Infliximab and listeriosis
Listeria infection is an opportunistic infection that has been reported in patients who undergo treatment with anti-TNF-a therapy. A confounding factor that may make comparison of the incidence of listeriosis between different studies difficult is the extent to which other immunomodulating drugs influence susceptibility to serious infections in patients on infliximab.11 Reports from the AERS suggest that the number of patients with Listeria may be higher than those reported by post-marketing. Patients with predisposing conditions, such as older age (>75 years), pregnancy, diabetes mellitus, immune suppression, liver failure, HIV infection, splenectomy may have an incidence of listeriosis as high as 210 cases per 100,000 (as compared with 0.7 per 100,000 cases in healthy individuals), and mortality that can reach 30%.47The estimated annual rate of reports to the FDA of listeriosis in infliximab-treated patients is greater than the FoodNet (the principal foodborne disease component of the Centers for Disease Control and Prevention Emerging Infections Program)-derived annual incidence rate of listeriosis.17,20,21 There have been twice as many cases of serious Listeria infections in patients with rheumatoid arthritis treated with anti-TNF-α compared with patients with Crohn’s disease.
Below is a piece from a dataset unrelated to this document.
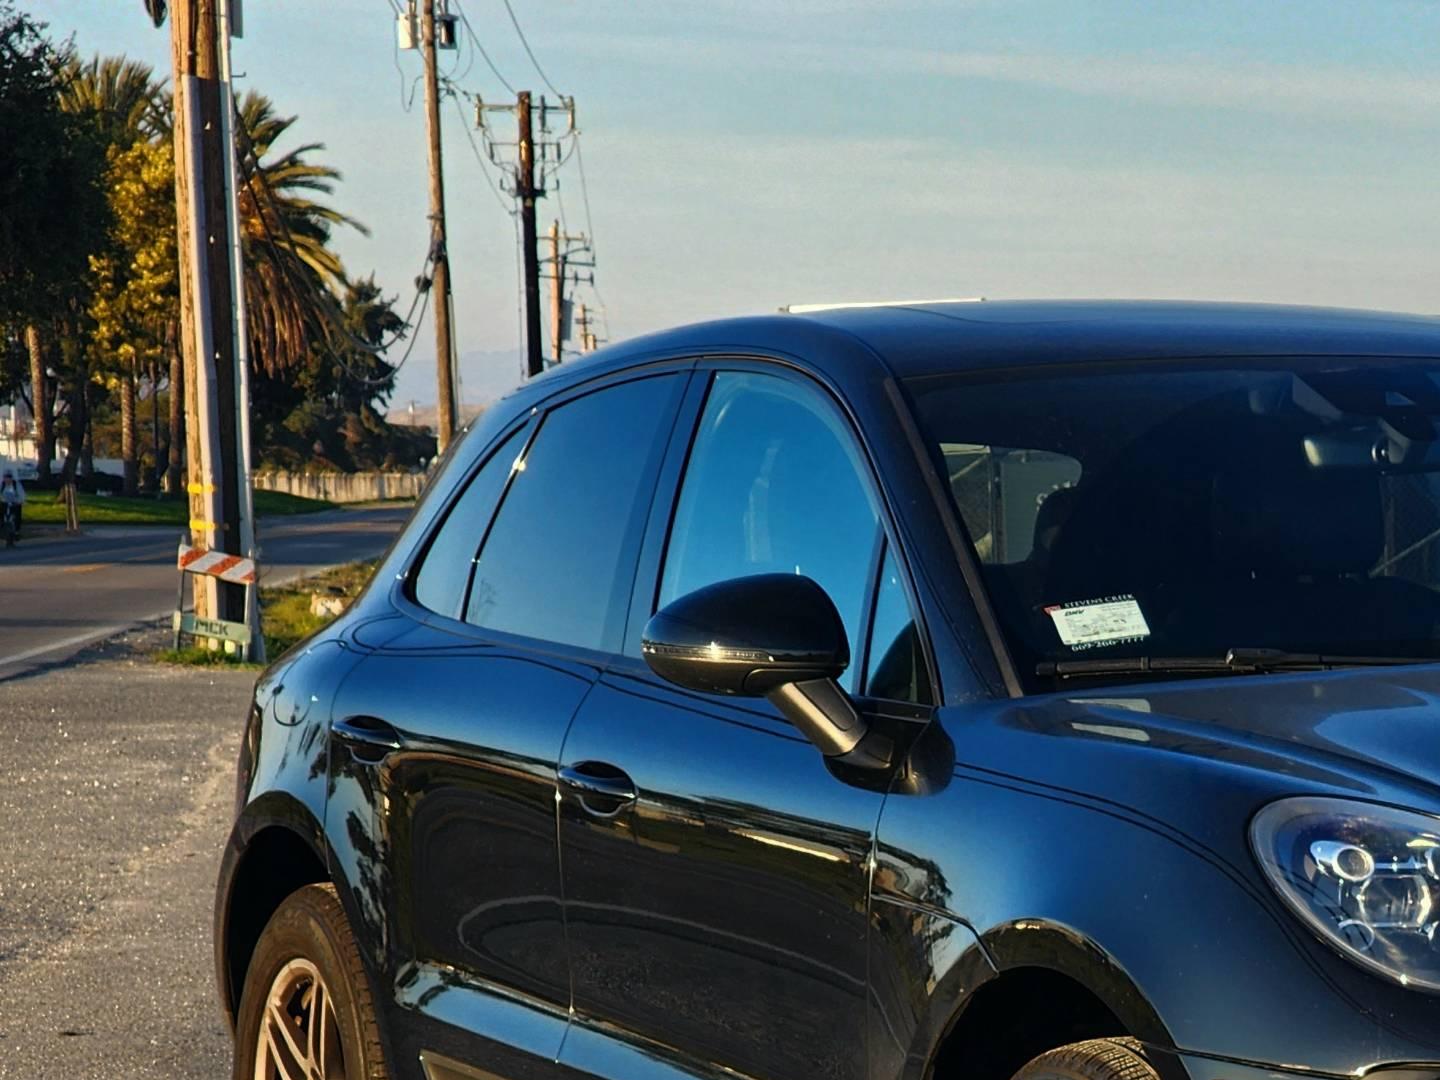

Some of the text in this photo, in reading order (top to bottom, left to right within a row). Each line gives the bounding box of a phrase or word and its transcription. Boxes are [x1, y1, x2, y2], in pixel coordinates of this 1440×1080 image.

[1064, 598, 1103, 608] STEVENS
[1104, 593, 1134, 602] CREEK
[195, 620, 229, 635] MCK
Infliximab-linked Listeria infections have also been reported in patients with ulcerative colitis, psoriatic arthritis and juvenile rheumatoid arthritis.18,20
However, Listeria endocarditis, a rare complication of bacteremia due to Listeria,48 associated with use of infliximab has not been previously described, to our knowledge. According to the modified Duke criteria for endocarditis,48 our patient had a major diagnostic criterion for endocarditis (presence of vegetation on echocardiogram) and 3 minor criteria (vascular pheonomena/septic emboli in coronary arterioles with subendothelial infarct, history of fever, and positive blood cultures for an atypical organism). This is also the second published case of Listeria infection associated with infliximab in patients with psoriatic arthritis. A unique feature of this case is that it was associated with use of infliximab without the simultaneous use of other immunosuppressive agents. However, underlying psoriatic arthritis would also increase her risk for a Listeria infection by impairing T lymphocyte/macrophage—mediated cellular immunity. It is not clear whether Listeria infections originate from ingestion of contaminated food or from chronic fecal carriage in these immunocompromised patients. A possible dietary source for the Listeria was identified in our patient since she admitted ingestion of soft cheeses and dairy products. Ingestion could have occurred up to 70 days prior to admission. Anti-TNF-a therapy may be a significant risk factor for the development of listeriosis, although most of the patients are immunocompromised due both to their chronic inflammatory illness and concurrent immune suppressive therapy. Patients starting infliximab therapy should be warned to avoid soft cheeses, non-pasteurized dairy products and undercooked meats during therapy, and physicians should be aware of the possibility of Listeria infection in such individuals. Early recognition of Listeria infection as a potential complication of treatment with TNF-a-neutralizing agents may decrease the high morbidity and mortality associated with this disease.
Acknowledgments
Funding source
None.
Footnotes
Ethical approval
Yes.
Conflict of interest statement
None.
References
- 1.http://www.fdable.com/aers/query/972d415847bf/7 [last visited 1/20/2010]. http://wwwfdablecom/aers/query/972d415847bf/7 [last visited 1/20/2010], 2010.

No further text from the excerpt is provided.